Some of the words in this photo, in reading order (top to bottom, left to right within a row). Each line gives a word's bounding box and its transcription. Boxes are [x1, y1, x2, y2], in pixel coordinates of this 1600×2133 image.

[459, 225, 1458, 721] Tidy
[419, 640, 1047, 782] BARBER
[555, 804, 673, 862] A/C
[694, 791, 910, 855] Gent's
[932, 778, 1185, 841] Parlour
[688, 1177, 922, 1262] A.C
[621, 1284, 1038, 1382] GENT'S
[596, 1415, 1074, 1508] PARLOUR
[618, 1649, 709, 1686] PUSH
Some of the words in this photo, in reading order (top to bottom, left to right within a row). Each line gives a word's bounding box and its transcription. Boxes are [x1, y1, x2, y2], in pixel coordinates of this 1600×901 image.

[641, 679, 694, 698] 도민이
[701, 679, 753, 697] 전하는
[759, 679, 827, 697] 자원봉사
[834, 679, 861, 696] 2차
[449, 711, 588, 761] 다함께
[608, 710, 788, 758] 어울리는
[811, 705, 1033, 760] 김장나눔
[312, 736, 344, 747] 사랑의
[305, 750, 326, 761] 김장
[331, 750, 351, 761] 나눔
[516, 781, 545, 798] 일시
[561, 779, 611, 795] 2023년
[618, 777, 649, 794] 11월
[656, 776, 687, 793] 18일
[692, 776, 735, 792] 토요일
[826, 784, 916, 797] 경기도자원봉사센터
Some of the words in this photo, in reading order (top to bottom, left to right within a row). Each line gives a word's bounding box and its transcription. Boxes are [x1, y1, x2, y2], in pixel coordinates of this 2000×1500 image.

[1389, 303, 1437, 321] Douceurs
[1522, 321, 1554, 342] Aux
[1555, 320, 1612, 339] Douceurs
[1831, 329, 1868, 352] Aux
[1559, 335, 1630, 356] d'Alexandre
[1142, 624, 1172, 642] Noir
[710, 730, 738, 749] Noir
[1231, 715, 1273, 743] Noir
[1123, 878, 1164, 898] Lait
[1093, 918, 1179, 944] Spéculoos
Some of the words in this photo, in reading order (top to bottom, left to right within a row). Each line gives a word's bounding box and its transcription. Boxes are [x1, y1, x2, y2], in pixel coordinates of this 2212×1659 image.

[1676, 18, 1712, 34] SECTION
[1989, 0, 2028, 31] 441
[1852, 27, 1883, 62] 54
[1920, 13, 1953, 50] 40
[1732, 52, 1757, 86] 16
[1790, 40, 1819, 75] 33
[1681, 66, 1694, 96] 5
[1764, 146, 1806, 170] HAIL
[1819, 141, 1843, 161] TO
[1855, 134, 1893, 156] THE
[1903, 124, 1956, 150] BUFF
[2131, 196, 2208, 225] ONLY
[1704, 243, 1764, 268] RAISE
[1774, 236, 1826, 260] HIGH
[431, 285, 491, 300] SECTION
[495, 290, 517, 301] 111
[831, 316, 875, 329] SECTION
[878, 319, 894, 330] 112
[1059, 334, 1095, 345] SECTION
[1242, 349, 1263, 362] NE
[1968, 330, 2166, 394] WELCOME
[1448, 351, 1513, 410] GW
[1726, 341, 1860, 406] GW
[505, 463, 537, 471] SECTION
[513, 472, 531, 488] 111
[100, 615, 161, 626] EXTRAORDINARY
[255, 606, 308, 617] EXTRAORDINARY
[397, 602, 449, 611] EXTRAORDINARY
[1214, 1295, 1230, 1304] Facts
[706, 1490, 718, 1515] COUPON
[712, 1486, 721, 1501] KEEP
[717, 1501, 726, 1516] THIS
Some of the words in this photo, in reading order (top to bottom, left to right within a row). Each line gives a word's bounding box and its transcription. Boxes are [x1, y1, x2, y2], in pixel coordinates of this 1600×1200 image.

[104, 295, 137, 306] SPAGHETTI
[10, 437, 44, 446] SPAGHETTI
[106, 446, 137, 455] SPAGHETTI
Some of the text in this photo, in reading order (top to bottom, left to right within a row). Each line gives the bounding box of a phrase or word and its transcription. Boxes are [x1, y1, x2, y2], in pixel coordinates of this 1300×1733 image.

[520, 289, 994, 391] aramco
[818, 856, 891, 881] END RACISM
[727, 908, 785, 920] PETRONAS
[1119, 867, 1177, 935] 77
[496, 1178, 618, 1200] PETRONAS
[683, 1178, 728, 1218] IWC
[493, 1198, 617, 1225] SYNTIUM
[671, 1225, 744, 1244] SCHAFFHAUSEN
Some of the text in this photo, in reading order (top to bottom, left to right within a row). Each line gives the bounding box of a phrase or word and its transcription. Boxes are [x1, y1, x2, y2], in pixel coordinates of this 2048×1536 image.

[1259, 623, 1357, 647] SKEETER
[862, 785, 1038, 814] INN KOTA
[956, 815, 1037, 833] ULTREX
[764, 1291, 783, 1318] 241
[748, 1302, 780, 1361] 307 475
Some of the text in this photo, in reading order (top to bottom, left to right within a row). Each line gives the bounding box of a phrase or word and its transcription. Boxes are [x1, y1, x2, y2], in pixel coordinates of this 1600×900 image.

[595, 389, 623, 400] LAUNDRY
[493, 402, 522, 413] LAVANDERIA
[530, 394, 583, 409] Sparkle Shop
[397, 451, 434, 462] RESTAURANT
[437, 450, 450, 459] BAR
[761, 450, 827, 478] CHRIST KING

**What the task requires**
Give back, unchanged, the line containing "this 2048×1536 image." and each line that comes after it in the entries above, ending with the last.

**Output for this exercise**
Some of the text in this photo, in reading order (top to bottom, left to right within a row). Each line gives the bounding box of a phrase or word and its transcription. Boxes are [x1, y1, x2, y2], in pixel coordinates of this 2048×1536 image.

[1259, 623, 1357, 647] SKEETER
[862, 785, 1038, 814] INN KOTA
[956, 815, 1037, 833] ULTREX
[764, 1291, 783, 1318] 241
[748, 1302, 780, 1361] 307 475
Some of the text in this photo, in reading order (top to bottom, left to right within a row). Each line gives the bounding box of a phrase or word and its transcription. Boxes are [x1, y1, x2, y2], in pixel coordinates of this 1600×900 image.

[595, 389, 623, 400] LAUNDRY
[493, 402, 522, 413] LAVANDERIA
[530, 394, 583, 409] Sparkle Shop
[397, 451, 434, 462] RESTAURANT
[437, 450, 450, 459] BAR
[761, 450, 827, 478] CHRIST KING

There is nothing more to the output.